◆ **Exercise goal**: Set the pictures aside and return each record below precisely as written.

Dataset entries
==*==
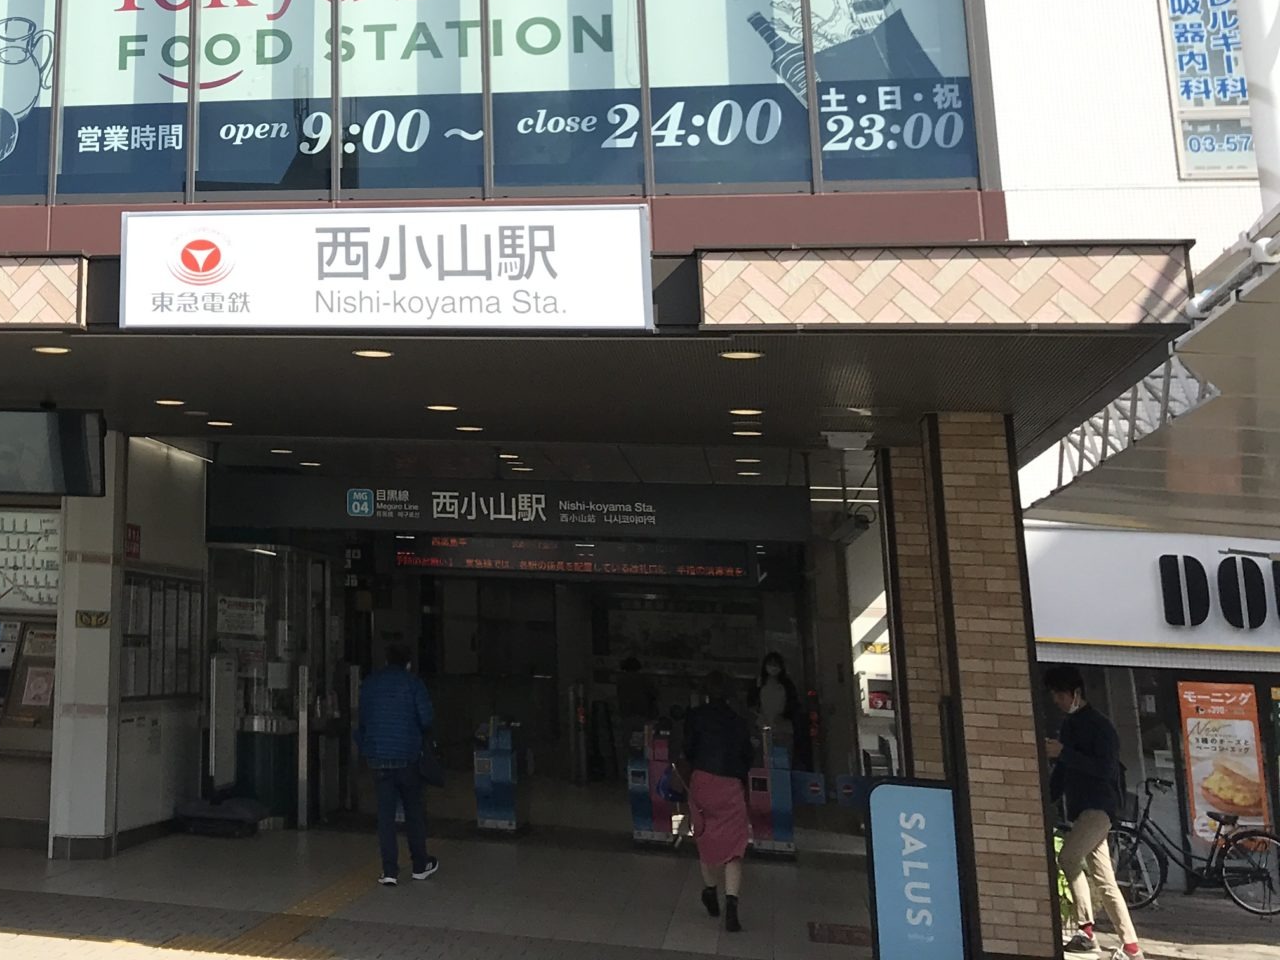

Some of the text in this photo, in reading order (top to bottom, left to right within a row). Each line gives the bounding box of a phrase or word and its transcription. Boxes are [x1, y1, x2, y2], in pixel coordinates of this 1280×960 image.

[118, 14, 613, 71] FOOD STATION
[77, 124, 183, 153] 営業時間
[220, 122, 289, 145] open
[300, 108, 430, 155] 9:00
[517, 109, 597, 136] close
[602, 98, 781, 150] 24:00
[822, 111, 964, 151] 23:00
[1187, 134, 1254, 153] 03-57
[315, 223, 558, 282] 西小山駅
[151, 291, 251, 313] 東急電鉄
[315, 289, 567, 321] Nishi-koyama Sta.
[352, 501, 369, 514] 04
[353, 491, 368, 501] MG
[376, 489, 409, 502] 目黒線
[431, 491, 547, 522] 西小山駅
[559, 500, 656, 514] Nishi-koyama Sta.
[1159, 554, 1280, 629] DO
[1183, 691, 1252, 706] モーニング
[899, 812, 933, 927] SALUS
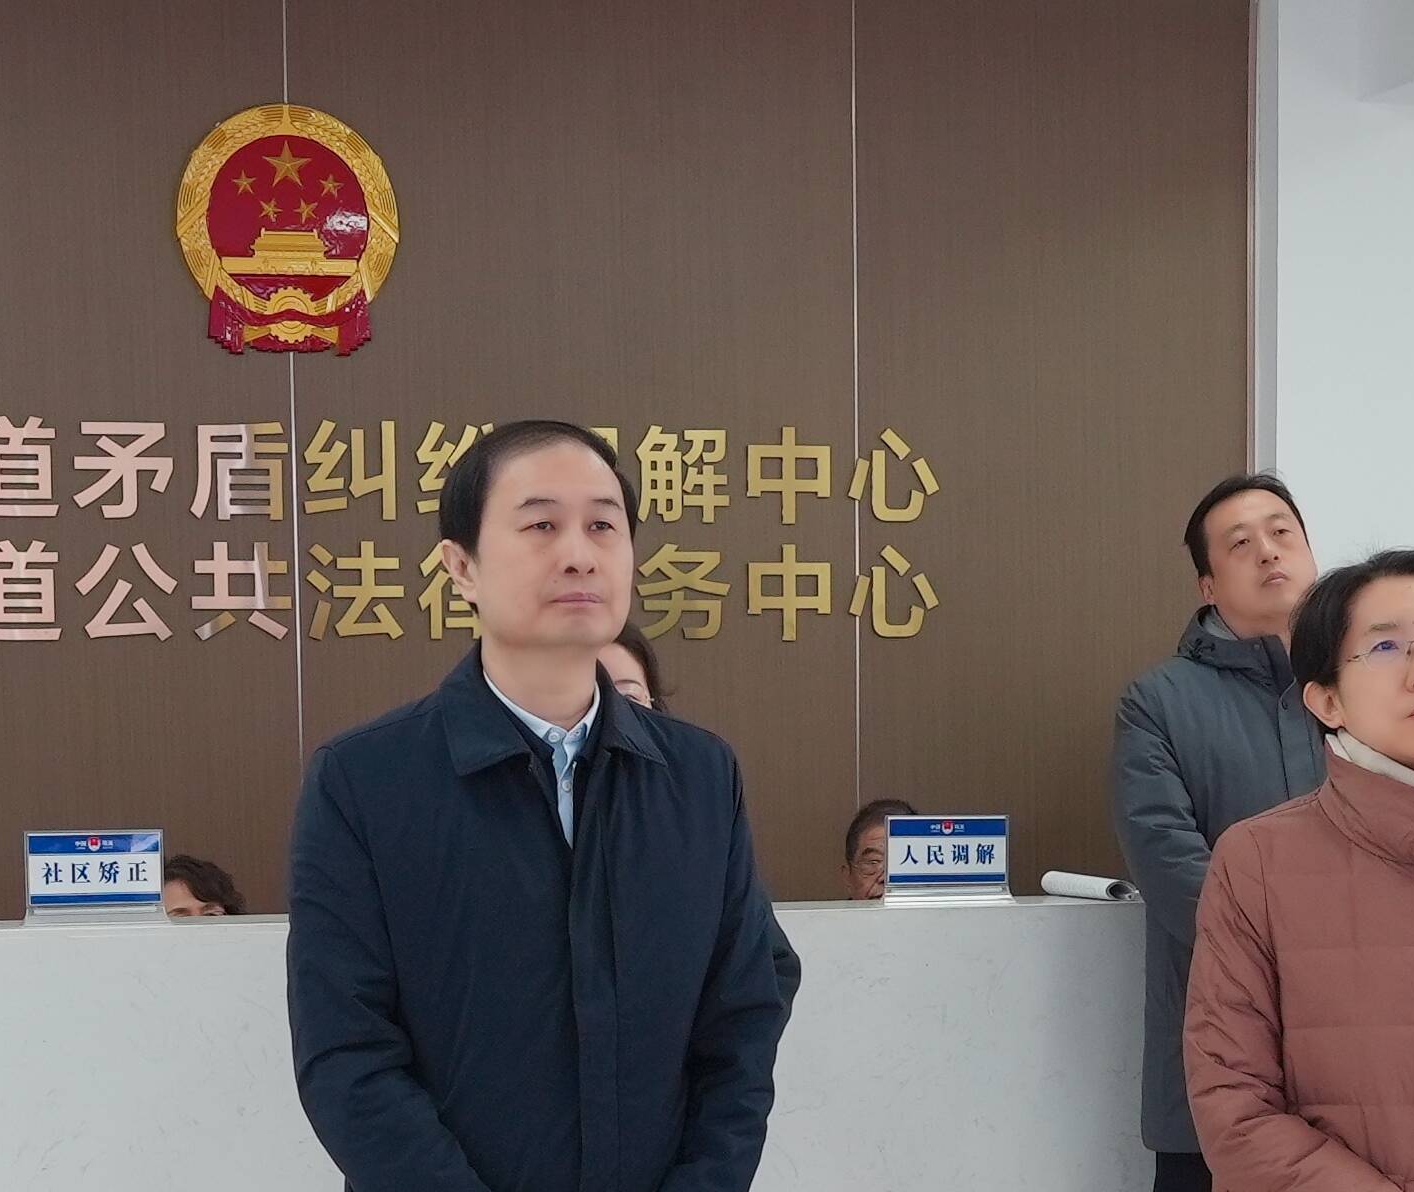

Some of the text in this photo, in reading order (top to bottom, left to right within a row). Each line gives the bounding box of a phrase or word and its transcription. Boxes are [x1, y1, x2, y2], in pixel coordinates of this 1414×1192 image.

[900, 843, 996, 865] 人民调解
[42, 861, 148, 885] 社区矫正
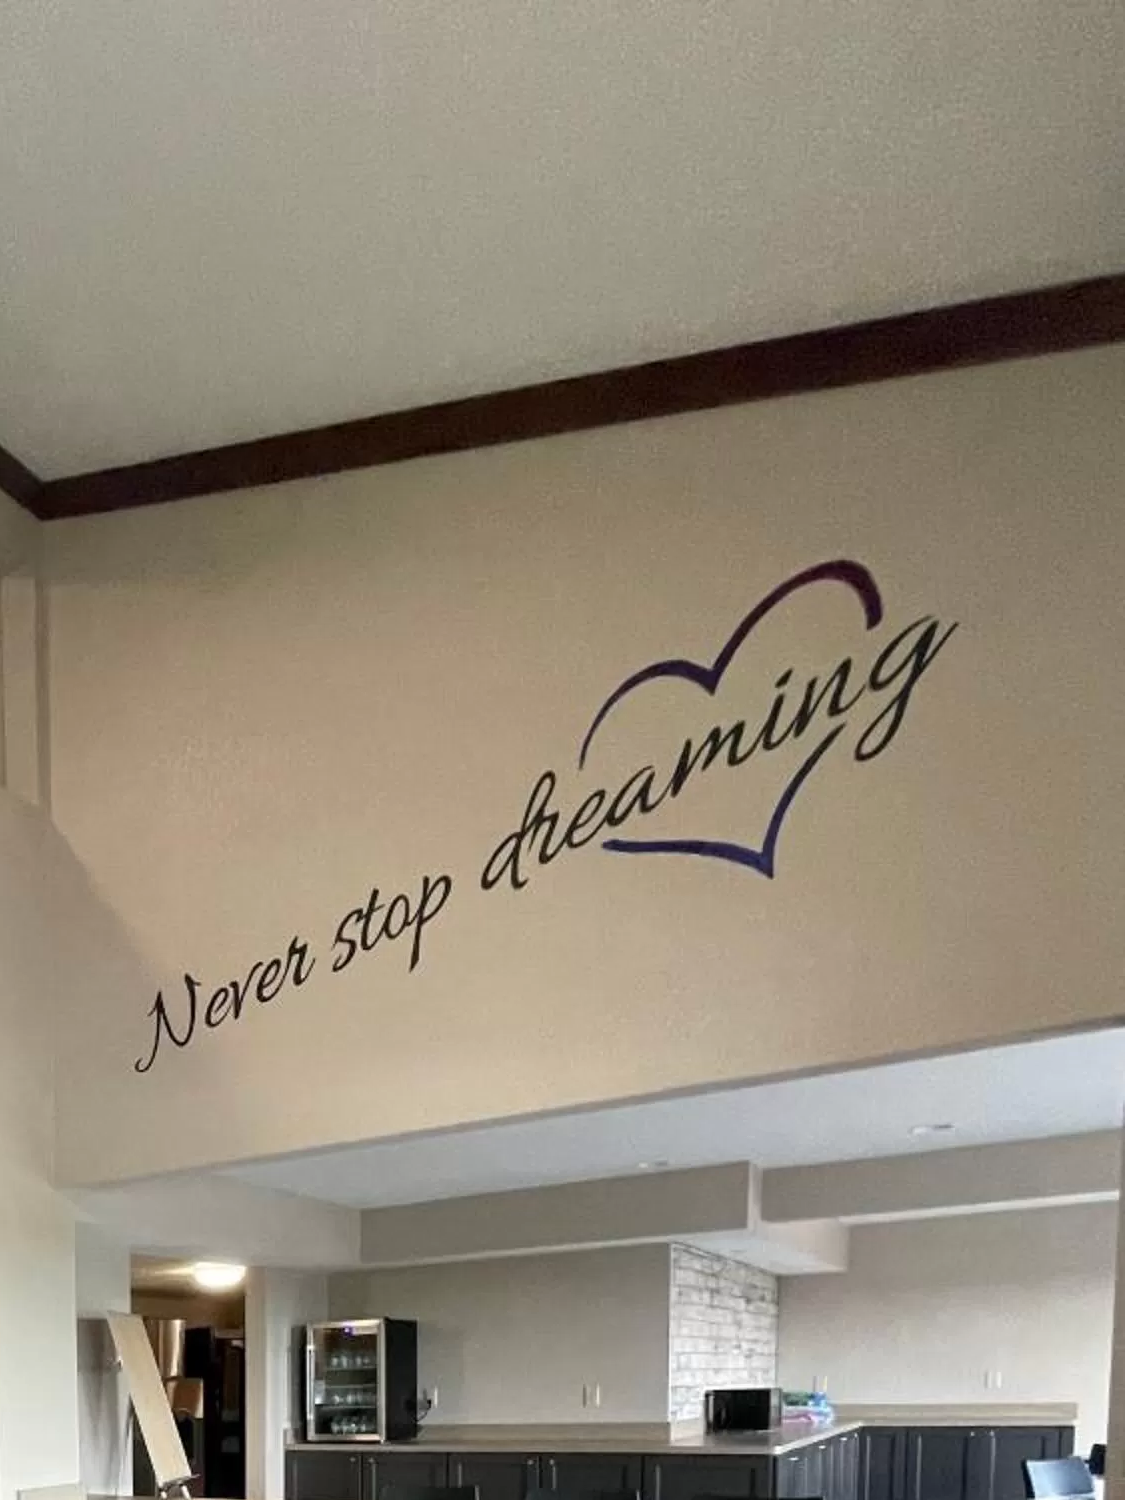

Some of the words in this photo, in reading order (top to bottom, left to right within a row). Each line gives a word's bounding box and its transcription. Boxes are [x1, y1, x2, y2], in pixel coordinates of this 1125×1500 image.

[135, 935, 314, 1074] Never
[331, 872, 453, 972] stop
[480, 614, 959, 891] dreaming
==*==
◆ **Solved problem**:
Some of the text in this photo, in reading order (top to bottom, left to right within a row). Each line gives the bounding box of a phrase or word and its transcription. Boxes are [x1, y1, x2, y2], in pixel coordinates of this 1280×960 image.

[118, 14, 613, 71] FOOD STATION
[77, 124, 183, 153] 営業時間
[220, 122, 289, 145] open
[300, 108, 430, 155] 9:00
[517, 109, 597, 136] close
[602, 98, 781, 150] 24:00
[822, 111, 964, 151] 23:00
[1187, 134, 1254, 153] 03-57
[315, 223, 558, 282] 西小山駅
[151, 291, 251, 313] 東急電鉄
[315, 289, 567, 321] Nishi-koyama Sta.
[352, 501, 369, 514] 04
[353, 491, 368, 501] MG
[376, 489, 409, 502] 目黒線
[431, 491, 547, 522] 西小山駅
[559, 500, 656, 514] Nishi-koyama Sta.
[1159, 554, 1280, 629] DO
[1183, 691, 1252, 706] モーニング
[899, 812, 933, 927] SALUS

Some of the text in this photo, in reading order (top to bottom, left to right within a row). Each line gives the bounding box of a phrase or word and its transcription. Boxes are [x1, y1, x2, y2], in pixel coordinates of this 1414×1192 image.

[900, 843, 996, 865] 人民调解
[42, 861, 148, 885] 社区矫正

Some of the words in this photo, in reading order (top to bottom, left to right within a row). Each line gives a word's bounding box and its transcription. Boxes are [x1, y1, x2, y2], in pixel coordinates of this 1125×1500 image.

[135, 935, 314, 1074] Never
[331, 872, 453, 972] stop
[480, 614, 959, 891] dreaming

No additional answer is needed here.